Prompt.
Quote the records beneath, complete and exact. Leave out images.

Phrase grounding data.
Segment Open

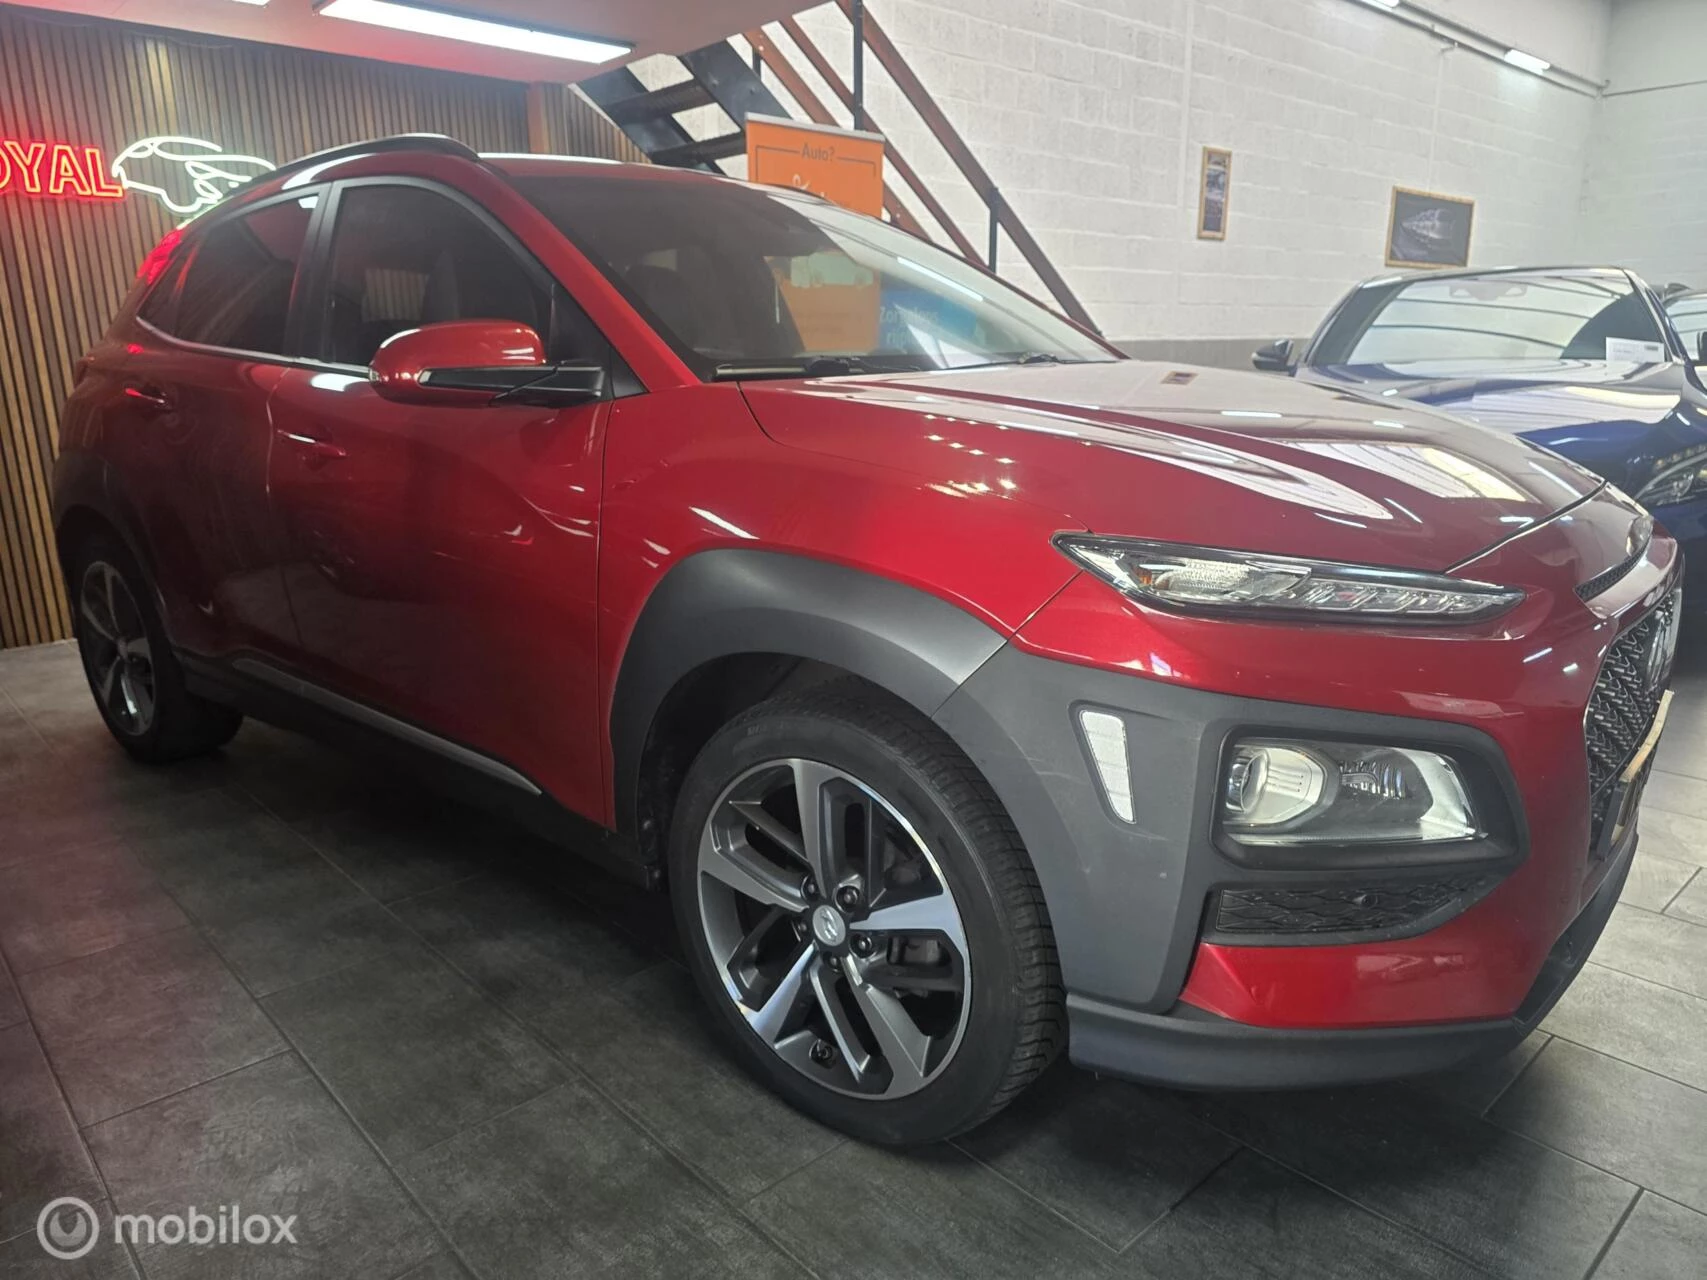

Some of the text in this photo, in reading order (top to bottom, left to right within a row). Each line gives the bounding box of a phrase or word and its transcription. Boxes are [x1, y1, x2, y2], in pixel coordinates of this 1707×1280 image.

[801, 142, 836, 162] Auto?
[0, 140, 123, 197] YAL
[880, 305, 939, 326] Zorgloos
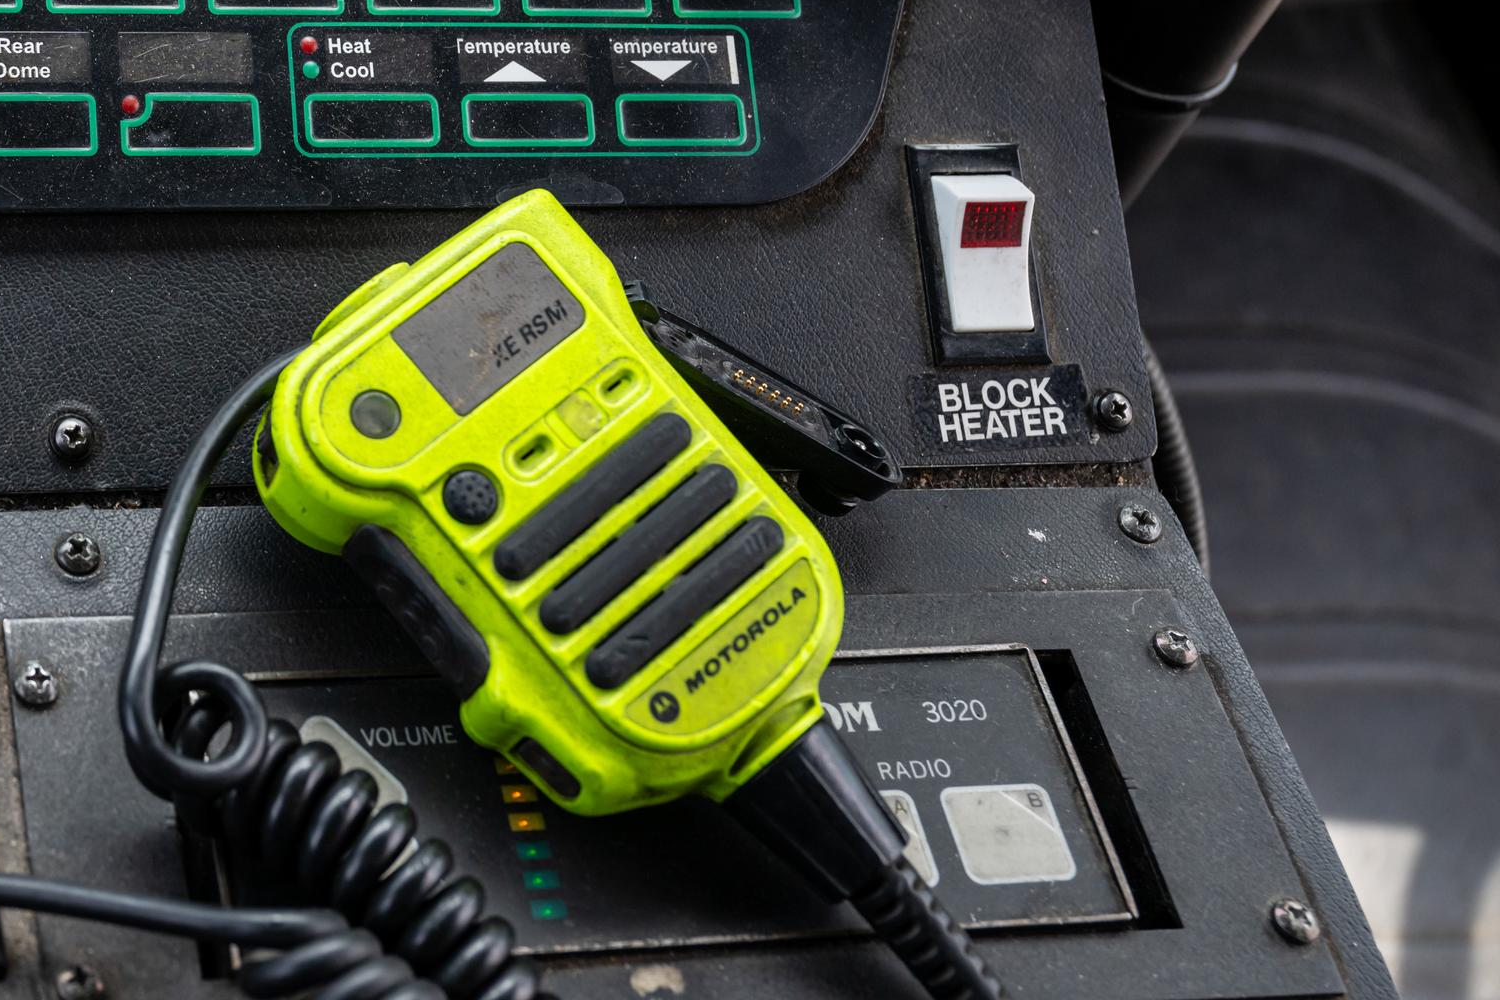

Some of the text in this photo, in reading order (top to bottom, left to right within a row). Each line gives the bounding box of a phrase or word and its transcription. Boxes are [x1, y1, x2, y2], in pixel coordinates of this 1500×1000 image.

[328, 37, 371, 54] Heat
[457, 38, 571, 58] Temperature
[609, 38, 719, 58] emperature
[330, 62, 375, 79] Cool
[519, 299, 567, 345] RSM
[938, 376, 1057, 413] BLOCK
[938, 407, 1067, 443] HEATER
[685, 585, 806, 696] MOTOROLA
[922, 699, 988, 724] 3020
[360, 724, 457, 749] VOLUME
[877, 758, 951, 781] RADIO
[894, 799, 909, 815] A
[1027, 792, 1043, 808] B

Segment Closed

Answer.
Some of the text in this photo, in reading order (top to bottom, left to right within a row). Each line gives the bounding box of a phrase or word and its transcription. Boxes are [x1, y1, x2, y2], in pixel coordinates of this 1707×1280 image.

[801, 142, 836, 162] Auto?
[0, 140, 123, 197] YAL
[880, 305, 939, 326] Zorgloos

Some of the text in this photo, in reading order (top to bottom, left to right within a row). Each line gives the bounding box of a phrase or word and its transcription. Boxes are [x1, y1, x2, y2], in pixel coordinates of this 1500×1000 image.

[328, 37, 371, 54] Heat
[457, 38, 571, 58] Temperature
[609, 38, 719, 58] emperature
[330, 62, 375, 79] Cool
[519, 299, 567, 345] RSM
[938, 376, 1057, 413] BLOCK
[938, 407, 1067, 443] HEATER
[685, 585, 806, 696] MOTOROLA
[922, 699, 988, 724] 3020
[360, 724, 457, 749] VOLUME
[877, 758, 951, 781] RADIO
[894, 799, 909, 815] A
[1027, 792, 1043, 808] B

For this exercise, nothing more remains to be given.